[Extracted data entries]
====

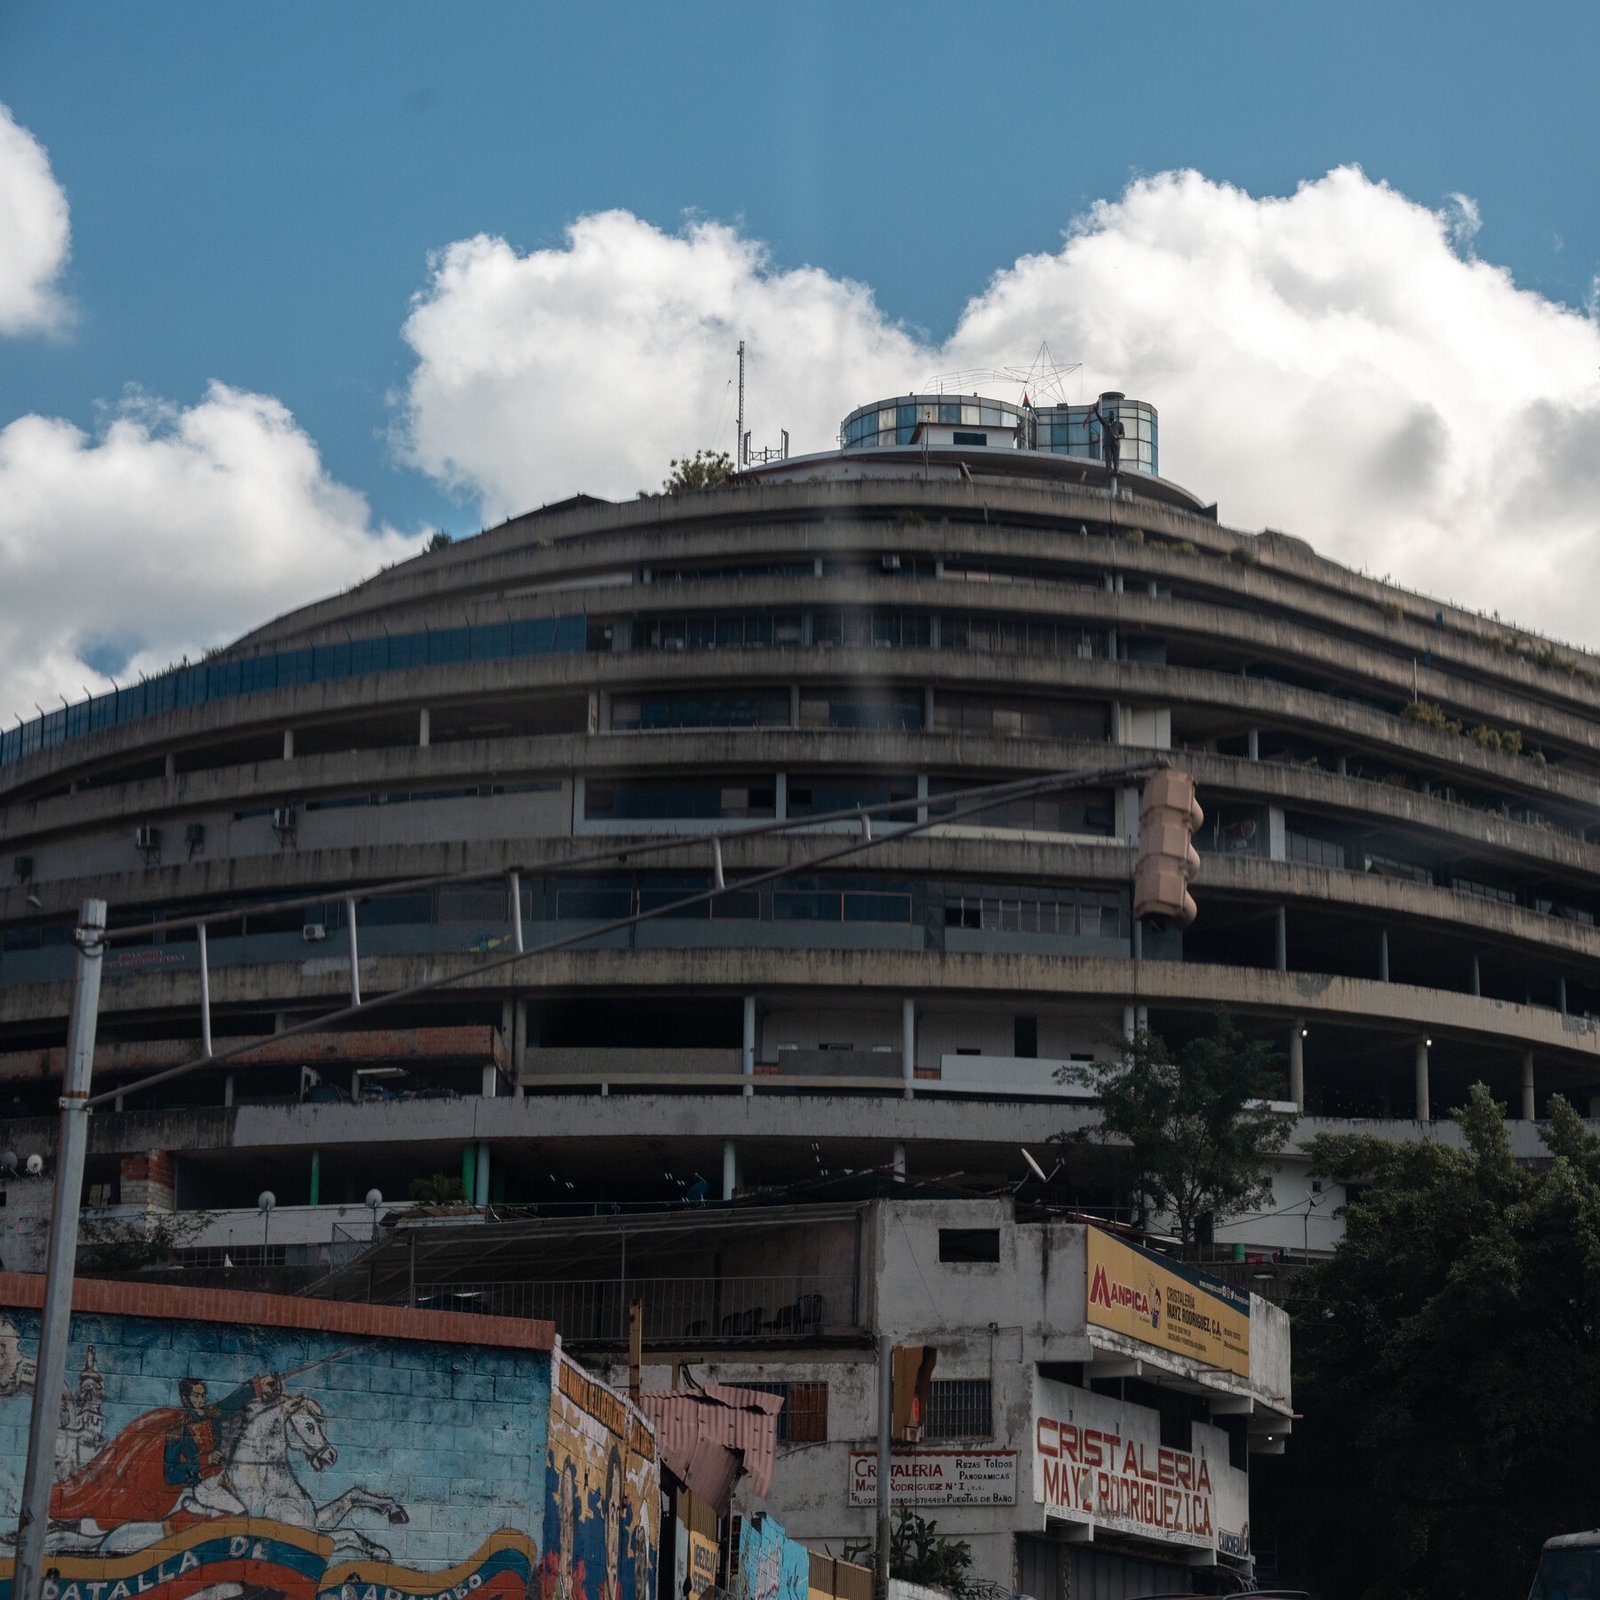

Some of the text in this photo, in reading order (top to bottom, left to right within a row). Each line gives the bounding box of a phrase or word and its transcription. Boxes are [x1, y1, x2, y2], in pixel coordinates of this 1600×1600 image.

[1089, 1263, 1150, 1315] MANPICA
[1167, 1303, 1182, 1323] MAYZ
[956, 1459, 981, 1468] REJAS
[1037, 1416, 1212, 1494] CRISTALERIA
[855, 1459, 943, 1477] CRTALERIA
[959, 1471, 1010, 1480] PANORAMICAS
[856, 1479, 877, 1491] MAY
[947, 1493, 978, 1503] PUERTAS
[993, 1493, 1012, 1503] BAÑO
[1098, 1471, 1183, 1531] RODRIGUEZ
[40, 1551, 201, 1600] BATALLA
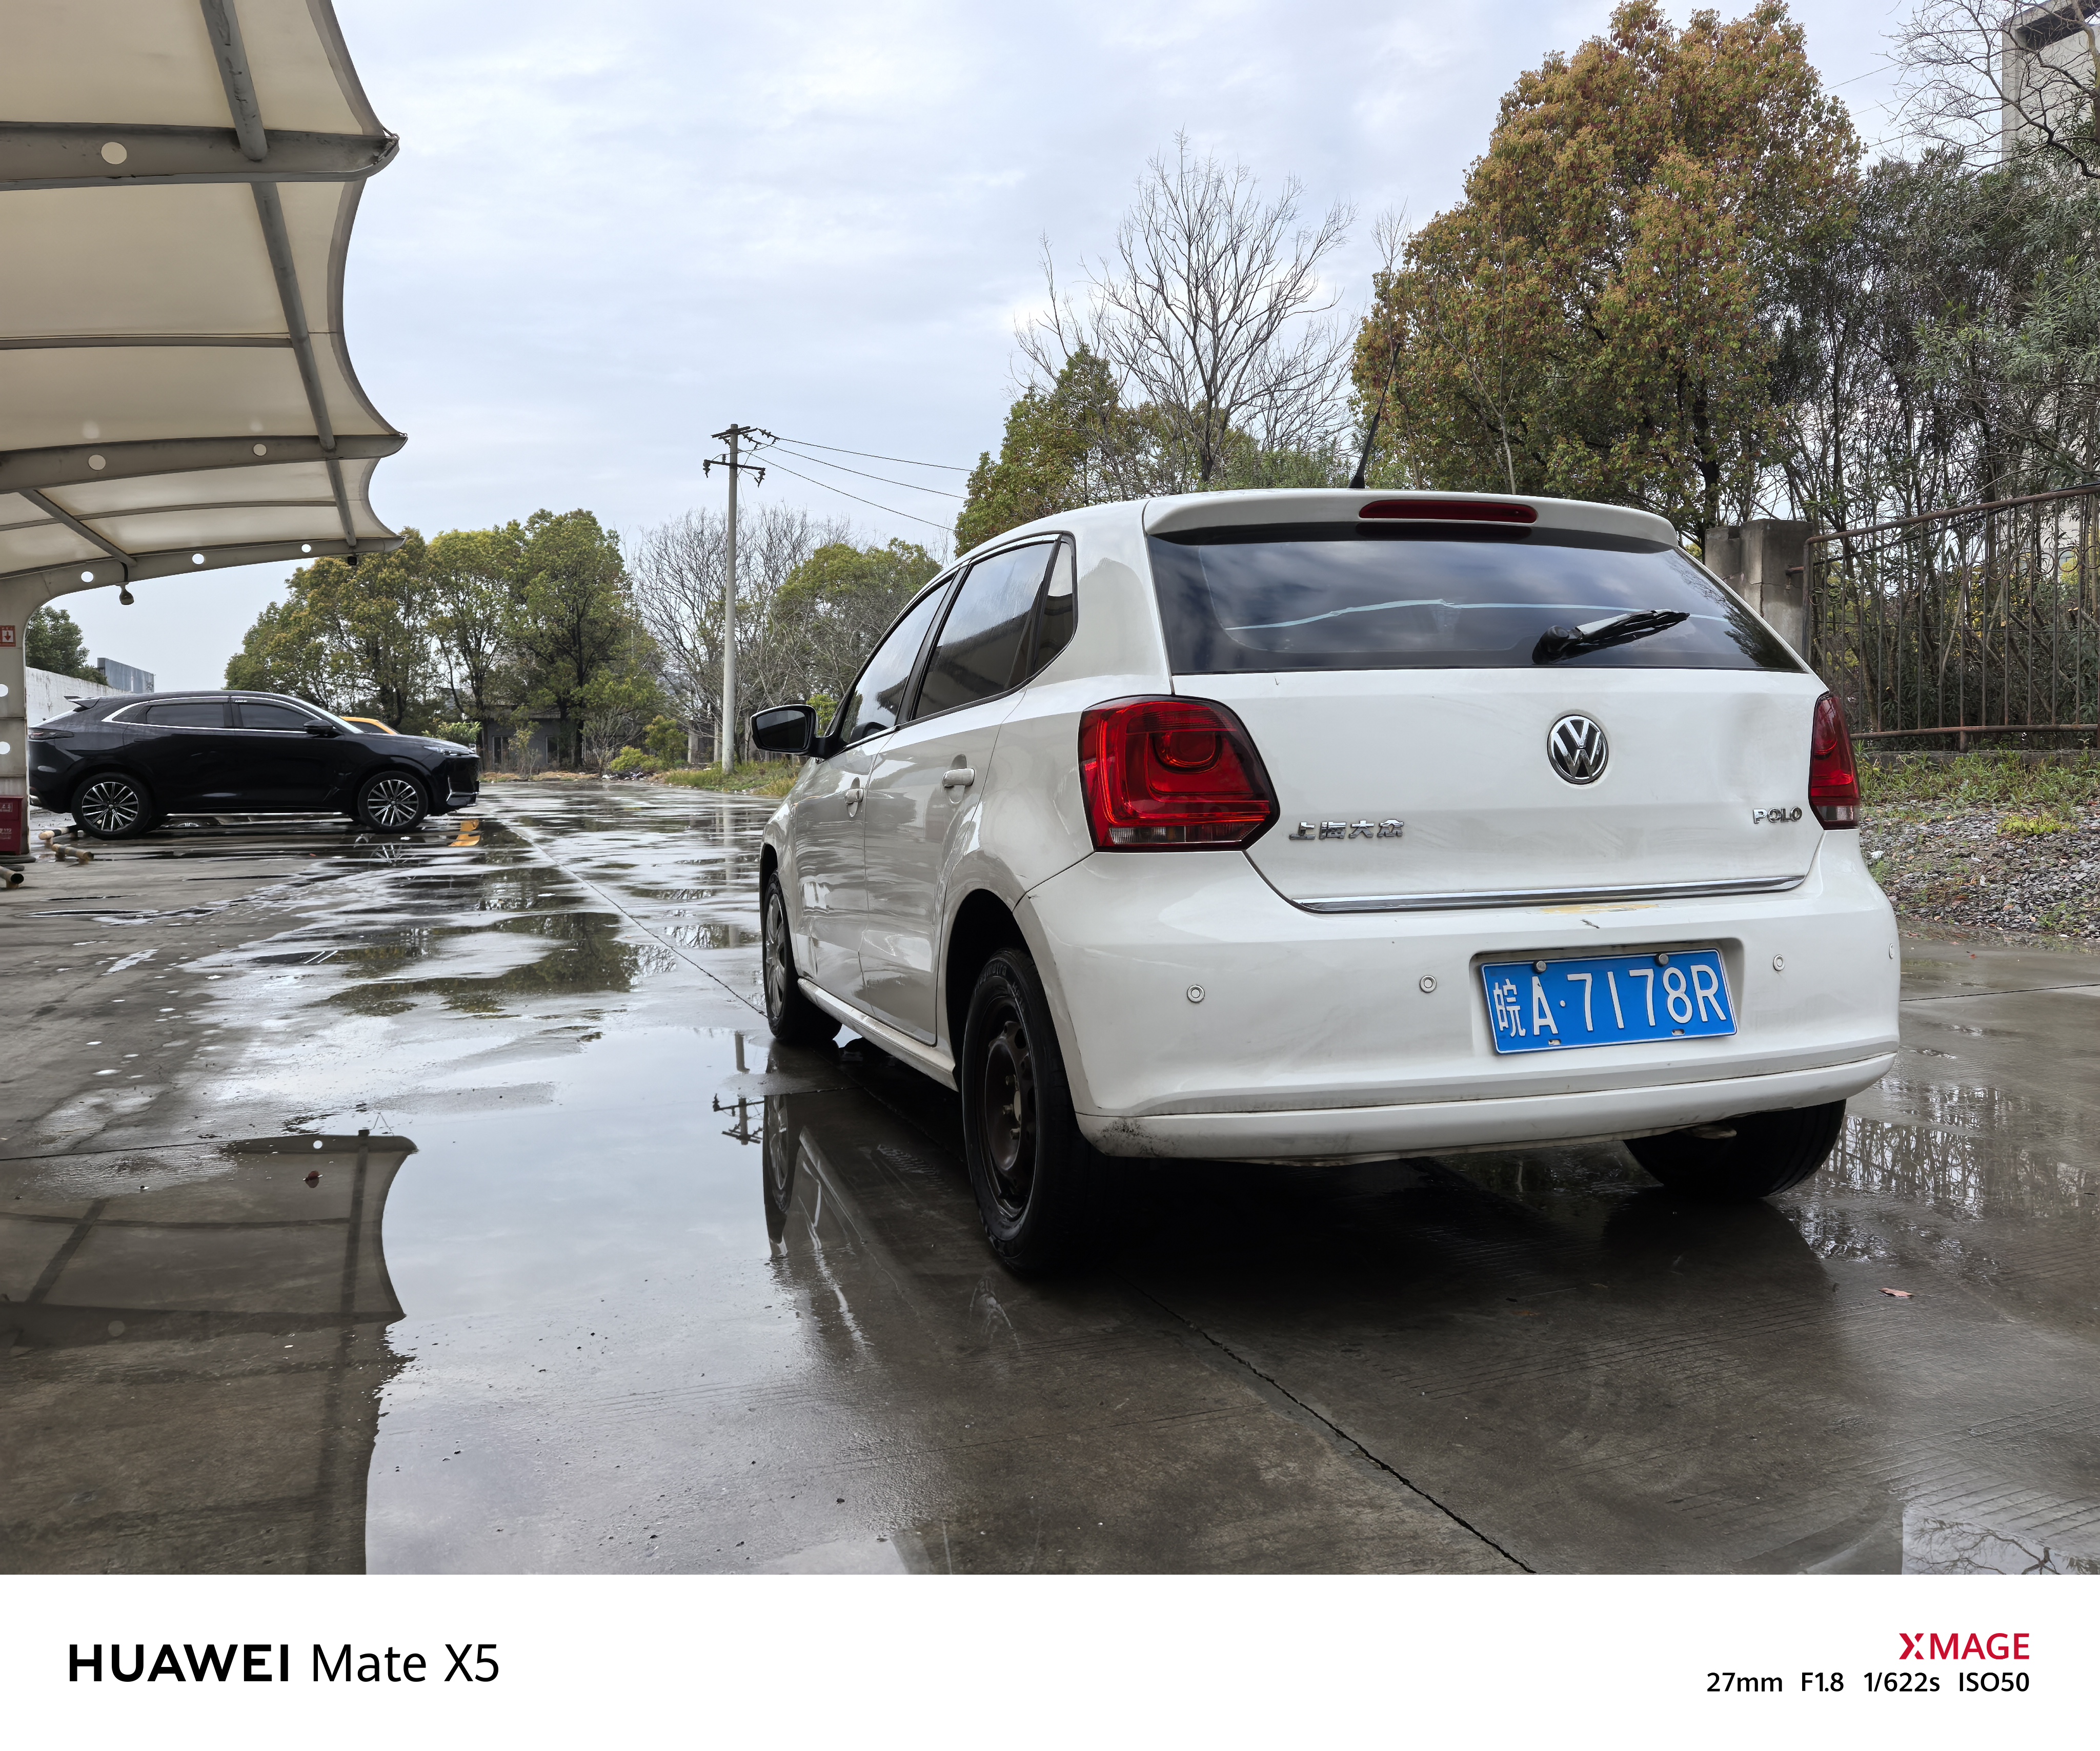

====

Assignment: From the entries above, write out every line without a single change, skipping the images.

Result of the task:
Some of the text in this photo, in reading order (top to bottom, left to right within a row). Each line gives the bounding box of a phrase or word and its transcription. Boxes are [x1, y1, x2, y2], in pixel coordinates of this 1600×1600 image.

[1089, 1263, 1150, 1315] MANPICA
[1167, 1303, 1182, 1323] MAYZ
[956, 1459, 981, 1468] REJAS
[1037, 1416, 1212, 1494] CRISTALERIA
[855, 1459, 943, 1477] CRTALERIA
[959, 1471, 1010, 1480] PANORAMICAS
[856, 1479, 877, 1491] MAY
[947, 1493, 978, 1503] PUERTAS
[993, 1493, 1012, 1503] BAÑO
[1098, 1471, 1183, 1531] RODRIGUEZ
[40, 1551, 201, 1600] BATALLA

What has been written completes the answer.